IMO this isn't the biggest Canadian vaccine fail. 10 years ago a company called Bioniche produced an animal vaccine against E coli o157 h7. That's the foodborne bug that causes hemolytic uremic syndrome. It worked really well.
Here's some true, cutting edge Canadian innovation. Its use in cattle herds would literally have saved our economy hundreds of millions of dollars a year on food recalls, outbreak investigations, human illness (incl end-stage kidney disease necessitating dialysis/transplant)
So we're using it, right?

Nuh uh. And the company is no longer manufacturing the vaccine. Why?
Well, you see, hemolytic uremic syndrome and VTEC infection are HUMAN diseases (where vaccines are governed by health canada, naci and provincial PH organizations). But this is an agriculture canada/CFIA/chief veterinary officer issue, because you'd be vaccinating ANIMALS
The company went to NACI but of course NACI won't evaluate an animal vaccine.

They went to CFIA/CVO, but of course they don't mandate vaccines unless the pathogen in question causes illness in animals.

So.
There was an attempt to get the beef and dairy industries on board with the vaccine, effectively paying out of pocket.

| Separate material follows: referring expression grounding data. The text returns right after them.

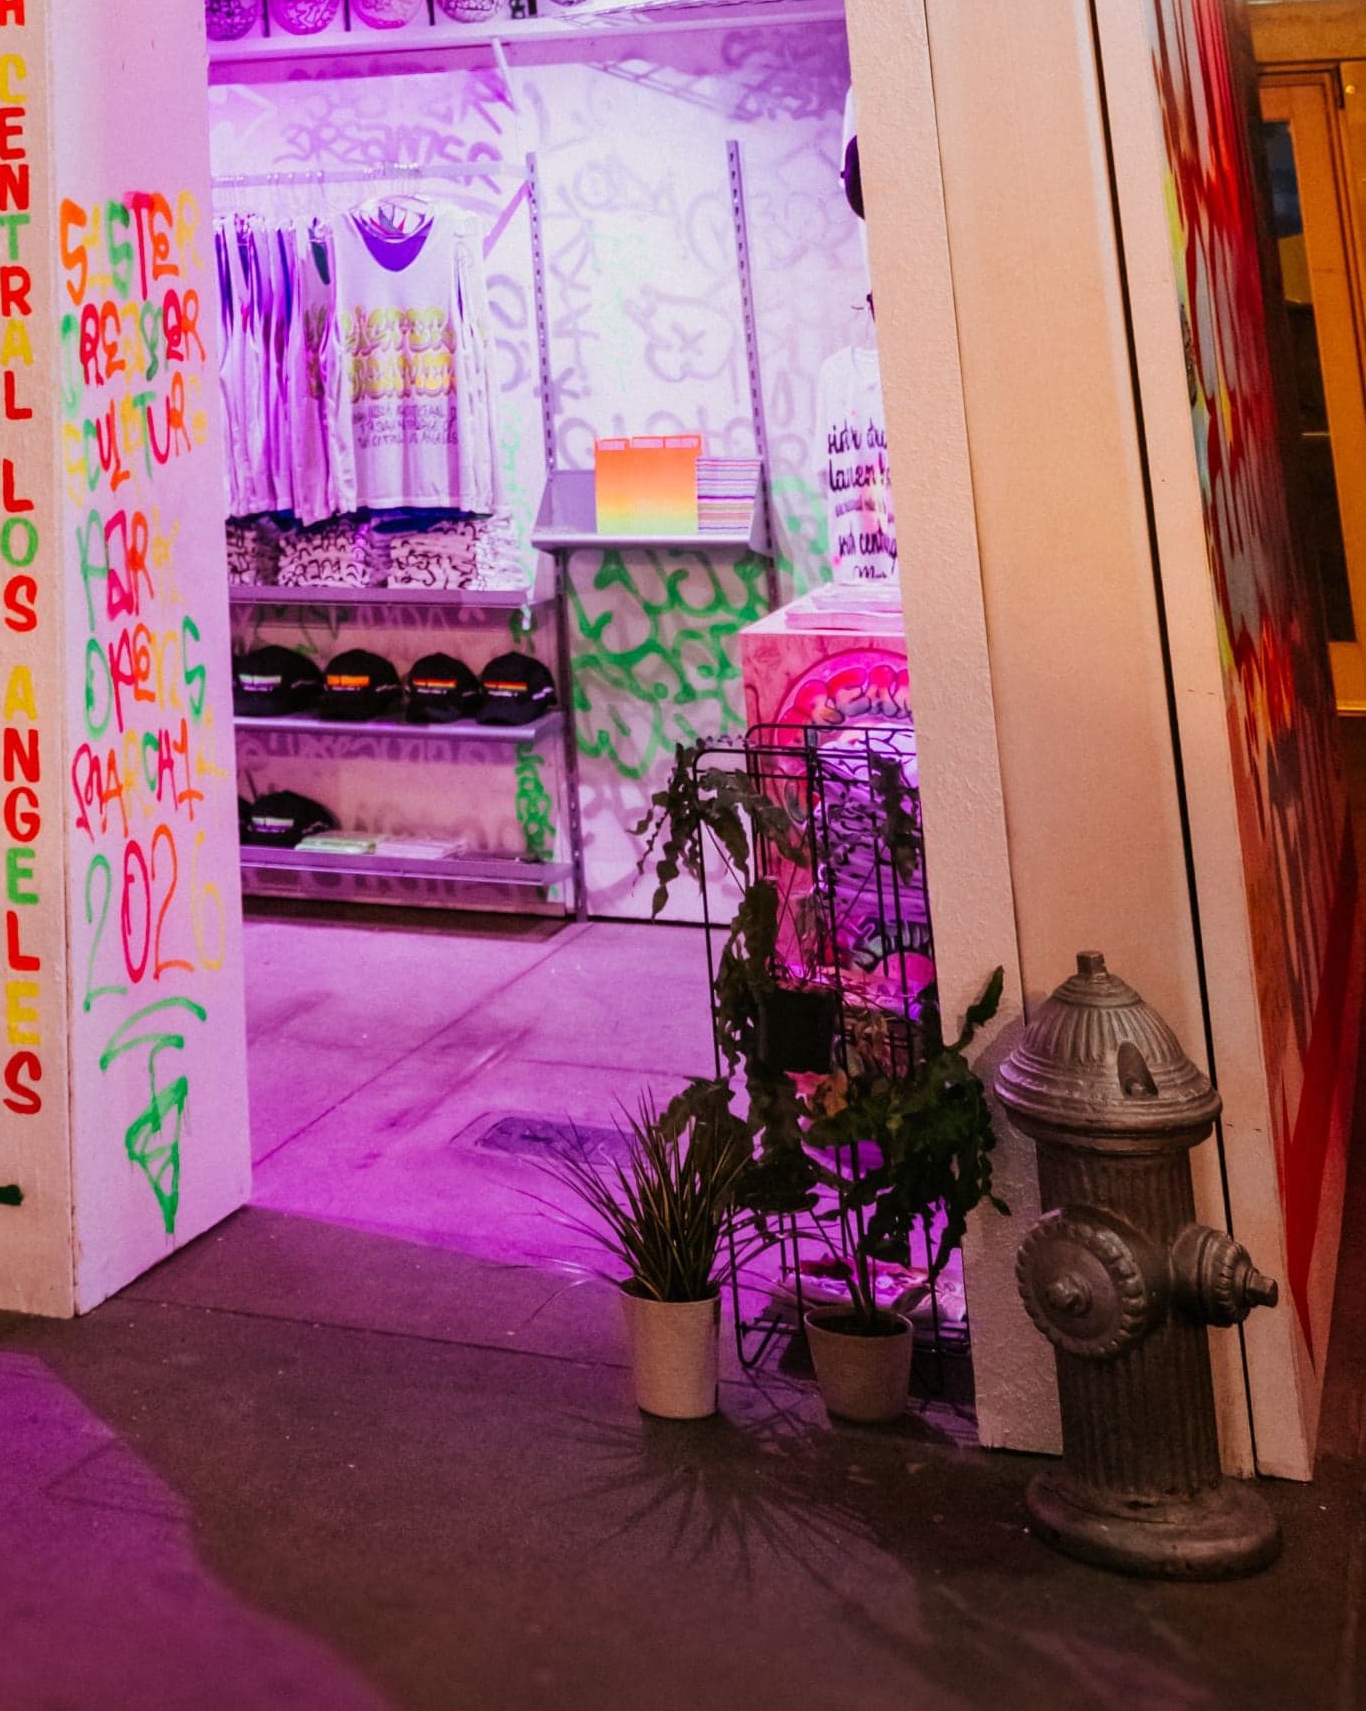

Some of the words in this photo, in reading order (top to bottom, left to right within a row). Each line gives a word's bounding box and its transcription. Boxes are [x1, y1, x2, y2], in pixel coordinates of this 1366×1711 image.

[60, 190, 204, 306] SISTER
[60, 289, 206, 419] DREAMER
[62, 371, 208, 509] SCULPTURE
[0, 457, 39, 633] LOS
[76, 503, 184, 632] PARK
[72, 728, 178, 844] MARCH
[3, 664, 43, 1115] ANGELES
[84, 823, 226, 1012] 2026

And at a few dollars a dose, vaccinating thousands of animals would have been a huge ask, and a selfless act.
What's astounding to me is that the dairy farmers WERE ACTUALLY CONSIDERING THIS (!) before the company decided not to proceed with the vaccine.

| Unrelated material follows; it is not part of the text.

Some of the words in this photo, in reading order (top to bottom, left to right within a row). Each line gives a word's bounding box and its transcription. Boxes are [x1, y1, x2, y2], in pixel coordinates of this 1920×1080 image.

So: real Canadian innovation, huge potential impact on human health, but the siloed nature of reg/eval in public health killed it.
One Health; it's the idea that humans and animals and the environment we share need to be viewed as an inseparably interlinked whole for health to advance.
This isn't some feel-good Kumbaya stuff...are human and animal health interlinked? I refer you to our current zoonotic pandemic caused by a bat coronavirus.
Or the ZOONOTIC (animal to human) diseases on the WHO vaccine priority list--crimean congo, rift valley, nipah, ebola...
If you want to know about pathogenic avian flu (another zoonosis) crossover into human pops, ask @ishaberry2 about her work in live poultry markets in Bangladesh.

The list goes on. It's a small planet and we share it with lots of other creatures, and a fragile environment.
If we come through this effing pandemic and don't start thinking strategically about how we fit our economies into the constraints of environmental health, rather than the other way around, we will have learned jack-squat.

And don't get me started on climate change.